He was born in Tobolsk, Siberia, and studied at St Petersburg and Heidelberg, Germany, where he collaborated briefly with Robert Wilhelm Bunsen and investigated the behaviour of gases, formulating the idea of critical temperature. He was appointed professor at the St Petersburg Technical Institute in 1863 and at the University of St Petersburg in 1866. In 1869 he tabulated the elements in ascending order of their atomic weight and found that chemically similar elements tended to fall into the same columns.
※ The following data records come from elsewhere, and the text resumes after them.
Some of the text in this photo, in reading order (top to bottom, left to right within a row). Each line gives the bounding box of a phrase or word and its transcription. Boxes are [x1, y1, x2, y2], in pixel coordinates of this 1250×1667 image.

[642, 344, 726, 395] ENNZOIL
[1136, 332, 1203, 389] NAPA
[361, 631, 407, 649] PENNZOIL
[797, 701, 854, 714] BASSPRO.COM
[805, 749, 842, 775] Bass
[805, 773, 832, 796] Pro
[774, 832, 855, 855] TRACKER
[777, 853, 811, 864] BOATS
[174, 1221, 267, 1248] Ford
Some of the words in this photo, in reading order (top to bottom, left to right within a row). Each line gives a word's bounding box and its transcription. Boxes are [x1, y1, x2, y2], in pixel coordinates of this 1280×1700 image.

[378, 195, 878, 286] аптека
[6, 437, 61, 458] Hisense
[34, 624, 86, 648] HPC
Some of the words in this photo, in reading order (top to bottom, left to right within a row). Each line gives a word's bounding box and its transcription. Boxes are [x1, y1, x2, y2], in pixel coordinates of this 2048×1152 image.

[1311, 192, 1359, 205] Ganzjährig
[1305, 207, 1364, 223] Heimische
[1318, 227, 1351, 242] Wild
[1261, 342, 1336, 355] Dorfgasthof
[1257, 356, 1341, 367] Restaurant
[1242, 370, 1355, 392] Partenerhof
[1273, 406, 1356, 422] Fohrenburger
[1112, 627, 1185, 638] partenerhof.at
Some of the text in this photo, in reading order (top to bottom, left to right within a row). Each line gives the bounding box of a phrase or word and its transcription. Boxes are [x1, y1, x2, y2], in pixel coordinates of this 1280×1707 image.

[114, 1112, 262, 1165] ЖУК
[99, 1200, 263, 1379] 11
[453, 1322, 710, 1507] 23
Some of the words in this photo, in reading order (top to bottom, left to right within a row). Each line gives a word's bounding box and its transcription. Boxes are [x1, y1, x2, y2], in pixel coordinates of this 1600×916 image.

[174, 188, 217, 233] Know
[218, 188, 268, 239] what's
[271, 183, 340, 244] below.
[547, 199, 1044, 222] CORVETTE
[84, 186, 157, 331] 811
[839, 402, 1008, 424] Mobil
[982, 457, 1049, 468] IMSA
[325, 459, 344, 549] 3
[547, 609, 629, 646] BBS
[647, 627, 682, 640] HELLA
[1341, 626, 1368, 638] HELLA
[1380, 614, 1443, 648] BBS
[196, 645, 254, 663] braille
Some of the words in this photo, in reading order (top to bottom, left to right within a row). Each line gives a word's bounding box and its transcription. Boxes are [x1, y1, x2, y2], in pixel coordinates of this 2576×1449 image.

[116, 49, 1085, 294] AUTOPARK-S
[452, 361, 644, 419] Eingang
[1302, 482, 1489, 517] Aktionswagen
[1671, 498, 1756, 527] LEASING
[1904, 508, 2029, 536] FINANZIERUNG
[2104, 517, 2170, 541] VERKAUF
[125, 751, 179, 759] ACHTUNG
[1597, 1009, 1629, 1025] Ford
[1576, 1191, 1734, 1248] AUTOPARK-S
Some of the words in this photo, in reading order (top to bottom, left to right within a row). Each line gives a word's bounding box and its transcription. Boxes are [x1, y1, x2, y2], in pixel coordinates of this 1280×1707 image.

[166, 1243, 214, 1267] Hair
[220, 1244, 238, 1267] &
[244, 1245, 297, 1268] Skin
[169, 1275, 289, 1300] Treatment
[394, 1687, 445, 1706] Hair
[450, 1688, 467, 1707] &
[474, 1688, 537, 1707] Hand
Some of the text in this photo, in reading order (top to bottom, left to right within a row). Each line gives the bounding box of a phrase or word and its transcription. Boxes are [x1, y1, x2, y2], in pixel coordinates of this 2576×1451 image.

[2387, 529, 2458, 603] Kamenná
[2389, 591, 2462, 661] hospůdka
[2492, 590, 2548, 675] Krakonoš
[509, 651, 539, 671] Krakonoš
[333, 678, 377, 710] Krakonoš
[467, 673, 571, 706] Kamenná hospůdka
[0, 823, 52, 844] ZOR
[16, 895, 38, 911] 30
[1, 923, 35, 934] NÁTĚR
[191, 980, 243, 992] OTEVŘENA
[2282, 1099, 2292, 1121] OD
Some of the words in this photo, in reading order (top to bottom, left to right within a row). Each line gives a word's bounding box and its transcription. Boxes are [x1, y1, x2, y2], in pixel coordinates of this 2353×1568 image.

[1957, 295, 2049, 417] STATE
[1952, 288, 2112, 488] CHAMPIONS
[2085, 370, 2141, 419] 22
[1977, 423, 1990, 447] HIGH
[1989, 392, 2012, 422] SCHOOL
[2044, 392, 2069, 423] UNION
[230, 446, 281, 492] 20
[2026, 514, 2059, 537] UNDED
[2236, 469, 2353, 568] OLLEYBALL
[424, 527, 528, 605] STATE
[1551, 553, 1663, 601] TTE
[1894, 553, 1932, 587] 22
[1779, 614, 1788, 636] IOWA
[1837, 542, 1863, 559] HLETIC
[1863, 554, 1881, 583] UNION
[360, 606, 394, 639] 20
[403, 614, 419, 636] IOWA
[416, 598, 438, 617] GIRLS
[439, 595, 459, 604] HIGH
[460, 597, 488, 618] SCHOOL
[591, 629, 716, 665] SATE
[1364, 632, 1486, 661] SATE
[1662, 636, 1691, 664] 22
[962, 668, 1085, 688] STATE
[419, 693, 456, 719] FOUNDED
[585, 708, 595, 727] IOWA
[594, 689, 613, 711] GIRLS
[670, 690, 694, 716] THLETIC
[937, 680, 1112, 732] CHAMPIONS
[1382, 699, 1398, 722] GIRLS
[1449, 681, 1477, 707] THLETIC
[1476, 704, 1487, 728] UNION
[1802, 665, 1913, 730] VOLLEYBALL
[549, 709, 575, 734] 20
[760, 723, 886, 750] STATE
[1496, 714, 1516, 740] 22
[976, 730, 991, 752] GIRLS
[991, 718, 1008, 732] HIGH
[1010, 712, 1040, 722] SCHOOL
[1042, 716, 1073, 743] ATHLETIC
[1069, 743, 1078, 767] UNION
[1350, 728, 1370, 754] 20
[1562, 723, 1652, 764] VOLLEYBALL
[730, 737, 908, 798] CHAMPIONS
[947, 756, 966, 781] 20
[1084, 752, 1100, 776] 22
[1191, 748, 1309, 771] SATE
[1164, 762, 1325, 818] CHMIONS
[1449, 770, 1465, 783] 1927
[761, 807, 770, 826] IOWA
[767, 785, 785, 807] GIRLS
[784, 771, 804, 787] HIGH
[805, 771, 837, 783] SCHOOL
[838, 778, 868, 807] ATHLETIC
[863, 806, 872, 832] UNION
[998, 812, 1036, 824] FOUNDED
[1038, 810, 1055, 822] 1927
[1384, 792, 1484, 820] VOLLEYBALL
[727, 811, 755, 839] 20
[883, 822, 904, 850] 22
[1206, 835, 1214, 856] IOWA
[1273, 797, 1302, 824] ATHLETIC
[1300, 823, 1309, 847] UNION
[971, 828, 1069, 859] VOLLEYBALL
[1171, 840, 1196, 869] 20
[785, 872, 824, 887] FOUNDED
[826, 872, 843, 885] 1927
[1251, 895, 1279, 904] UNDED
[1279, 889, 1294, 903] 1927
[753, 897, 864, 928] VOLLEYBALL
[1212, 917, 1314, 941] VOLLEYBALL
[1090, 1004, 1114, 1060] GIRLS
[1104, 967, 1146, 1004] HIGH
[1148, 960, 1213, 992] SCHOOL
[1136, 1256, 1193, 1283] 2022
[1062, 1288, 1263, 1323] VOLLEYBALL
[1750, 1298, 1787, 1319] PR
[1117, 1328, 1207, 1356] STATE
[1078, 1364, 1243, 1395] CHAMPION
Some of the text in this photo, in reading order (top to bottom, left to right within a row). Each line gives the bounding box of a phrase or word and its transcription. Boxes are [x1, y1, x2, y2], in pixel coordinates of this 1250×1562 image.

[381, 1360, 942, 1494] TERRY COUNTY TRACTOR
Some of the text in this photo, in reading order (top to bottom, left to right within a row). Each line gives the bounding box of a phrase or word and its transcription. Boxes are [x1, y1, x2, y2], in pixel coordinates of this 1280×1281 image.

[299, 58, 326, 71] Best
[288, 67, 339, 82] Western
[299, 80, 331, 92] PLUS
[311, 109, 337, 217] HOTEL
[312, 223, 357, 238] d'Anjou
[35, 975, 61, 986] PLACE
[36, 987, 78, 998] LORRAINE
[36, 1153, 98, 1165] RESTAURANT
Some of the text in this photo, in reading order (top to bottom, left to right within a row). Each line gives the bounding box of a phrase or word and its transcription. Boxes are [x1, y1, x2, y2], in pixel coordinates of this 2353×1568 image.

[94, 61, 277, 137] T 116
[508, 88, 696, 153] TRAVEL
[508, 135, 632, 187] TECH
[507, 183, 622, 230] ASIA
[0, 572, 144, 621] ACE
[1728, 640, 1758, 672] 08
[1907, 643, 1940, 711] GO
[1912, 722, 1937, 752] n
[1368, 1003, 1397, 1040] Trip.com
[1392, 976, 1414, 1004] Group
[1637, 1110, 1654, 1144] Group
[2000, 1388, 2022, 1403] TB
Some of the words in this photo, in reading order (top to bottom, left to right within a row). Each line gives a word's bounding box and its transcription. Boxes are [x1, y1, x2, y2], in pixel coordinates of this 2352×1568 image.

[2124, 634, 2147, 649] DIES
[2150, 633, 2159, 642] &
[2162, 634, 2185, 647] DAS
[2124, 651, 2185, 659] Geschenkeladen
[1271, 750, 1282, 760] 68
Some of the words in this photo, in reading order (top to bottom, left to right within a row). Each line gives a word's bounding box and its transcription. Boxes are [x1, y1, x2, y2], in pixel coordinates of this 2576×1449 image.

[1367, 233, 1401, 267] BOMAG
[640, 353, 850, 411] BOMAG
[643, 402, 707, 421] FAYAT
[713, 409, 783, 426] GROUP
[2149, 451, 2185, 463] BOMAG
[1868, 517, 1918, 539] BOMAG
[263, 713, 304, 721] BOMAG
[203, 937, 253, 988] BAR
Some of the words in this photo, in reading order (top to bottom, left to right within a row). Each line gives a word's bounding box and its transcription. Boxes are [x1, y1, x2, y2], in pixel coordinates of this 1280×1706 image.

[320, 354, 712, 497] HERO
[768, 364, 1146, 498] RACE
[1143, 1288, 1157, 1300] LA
Several attempts had already been made to group the elements by their chemical properties and to relate chemical behaviour to atomic weight but Mendeleyev's great achievement was to realize that certain elements still had to be discovered and to leave gaps in the table where he predicted they would fall. At first the periodic table was largely rejected by the scientific world, but as each new element that was subsequently discovered fitted into it perfectly, scepticism turned to enthusiasm. However, the underlying reason for the periodicity of the elements remained unexplained until the structure of the atom came to be understood. Mendeleyev continued to refine the table for the next 20 years, meanwhile continuing his work on gases, studying solutions and taking up aeronautical research (he made a solo ascent in a balloon in 1887). The transuranic element mendelevium (atomic number 101) is named in his honour.

Bibliography: Mendeleyev, Daniel Q Posin, Mendeleyev: The Story of a Great Scientist (1948)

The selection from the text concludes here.